The 2009 federal Tobacco Control Act required graphic warnings covering the top half of the front and back of cigarette packs and on 20 percent of cigarette advertising.

The FDA was given until June 22, 2011, to issue a final rule requiring such warnings.

The governments of more than 90 countries require similar graphic warning labels. Australia, which was among the first to introduce the labels and has some of the most graphic images, is perhaps the most noteworthy.

The FDA chose nine labels in June 2011, which were scheduled to debut in September 2012. The labels included smoke coming out of a tracheal hole, diseased lungs and gums, and a man who appears deathly ill.

A group of tobacco manufacturers that include R.J. Reynolds Tobacco Co. and Lorillard Inc. filed a lawsuit in September 2011 against the FDA regarding the labels.

Two parallel legal cases with differing judicial opinions have put the initiative on hold.

The anti-tobacco and public health groups argue that the federal Administrative Procedure Act, which governs federal agencies, gives federal courts the power to “compel agency action unlawfully withheld or unreasonably delayed.”

“The FDA is in violation of its nondiscretionary statutory duty,” according to the plaintiffs’ lawsuit.

The plaintiffs contend that one of the legal tracks gives the FDA clearance to implement its final rule on the warning labels. Some plaintiffs argue that the lack of warning labels “makes it more difficult” for them “to educate and counsel members of the public not to smoke.”

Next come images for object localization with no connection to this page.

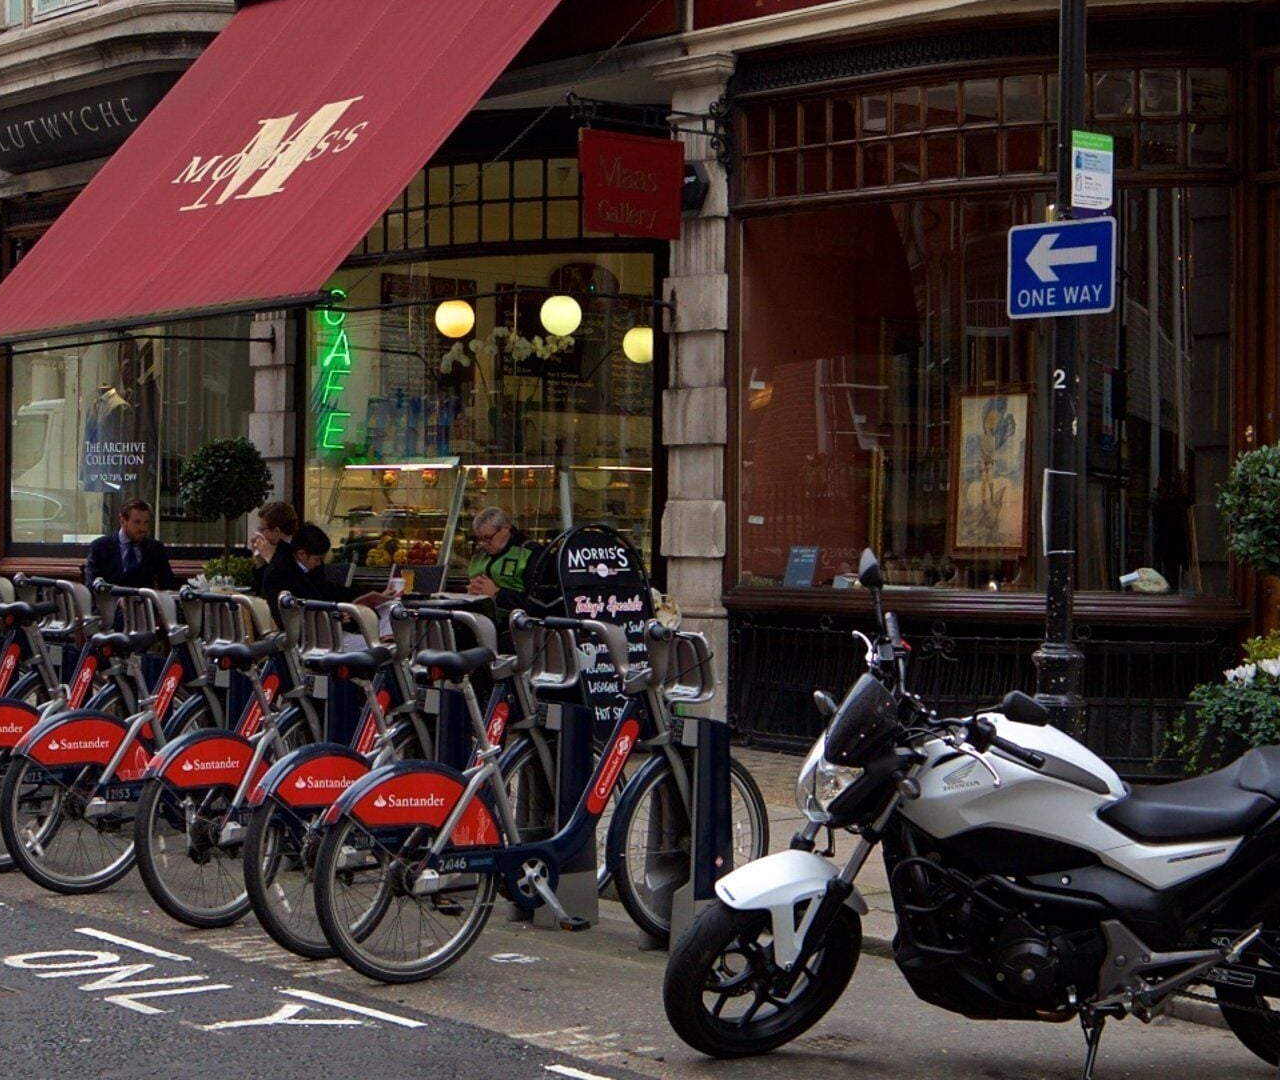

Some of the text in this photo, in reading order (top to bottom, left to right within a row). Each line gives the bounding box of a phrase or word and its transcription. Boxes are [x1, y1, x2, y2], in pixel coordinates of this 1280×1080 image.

[600, 154, 657, 192] Maas
[1017, 284, 1103, 308] ONE WAY
[323, 289, 352, 449] CAFE
[1052, 369, 1066, 389] 2
[85, 441, 146, 453] THE ARCHIVE
[86, 453, 144, 466] COLLECTION
[124, 473, 138, 481] OFF
[568, 545, 629, 568] MORRIS'S
[574, 594, 644, 619] Today's Specials
[594, 706, 610, 721] HOT
[60, 738, 110, 750] Santander
[194, 757, 240, 771] Santander
[603, 753, 621, 788] Santander
[388, 794, 445, 808] Santander
[4, 949, 363, 1032] ONLY

In August 2012, a panel of the U.S. Court of Appeals for the D.C. Circuit voted 2-1 that the proposed specific warning labels violated the First Amendment. That ruling did not address the law’s underlying requirement.

The FDA said in March 2013 that it declined to further appeal the D.C. Circuit ruling and would create new warning labels.

In March 2012, the U.S. Court of Appeals for the Sixth Circuit upheld the law’s requirement for graphic warnings, finding that this provision did not violate the First Amendment. The U.S. Supreme Court declined in April 2013 to hear an appeal of the Sixth Circuit ruling.

“The FDA is undertaking research to support a new rulemaking consistent with (the Tobacco Control Act),” spokesman Michael Felberbaum said Wednesday.

While the industry and advocacy groups await the next FDA warning label proposals, several studies have been published that found mixed smoker reactions to the initial nine proposed labels.

In December 2010, an FDA study found putting graphicwarning labels on cigarette packs may stir emotions, but not lead to quitting.

UNC Chapel Hill researchers said in June that 40 percent of participants in their study said they were more likely to consider quitting after exposure to the graphic images, compared with 34 percent with the text warning.

A February 2016 study published by University of Illinois researchers at the journal Communication Research suggests graphic images strike some people as manipulative, a reaction that could backfire on the attempt to steer individuals away from smoking.

Lawsuit plaintiffs

The lawsuit was filed by the American Academy of Pediatrics, the Massachusetts Chapter of the American Academy of Pediatrics, the American Cancer Society, the American Cancer Society Cancer Action Network, the American Heart Association, the American Lung Association, the Campaign for Tobacco-Free Kids, Truth Initiative, and several individual pediatricians.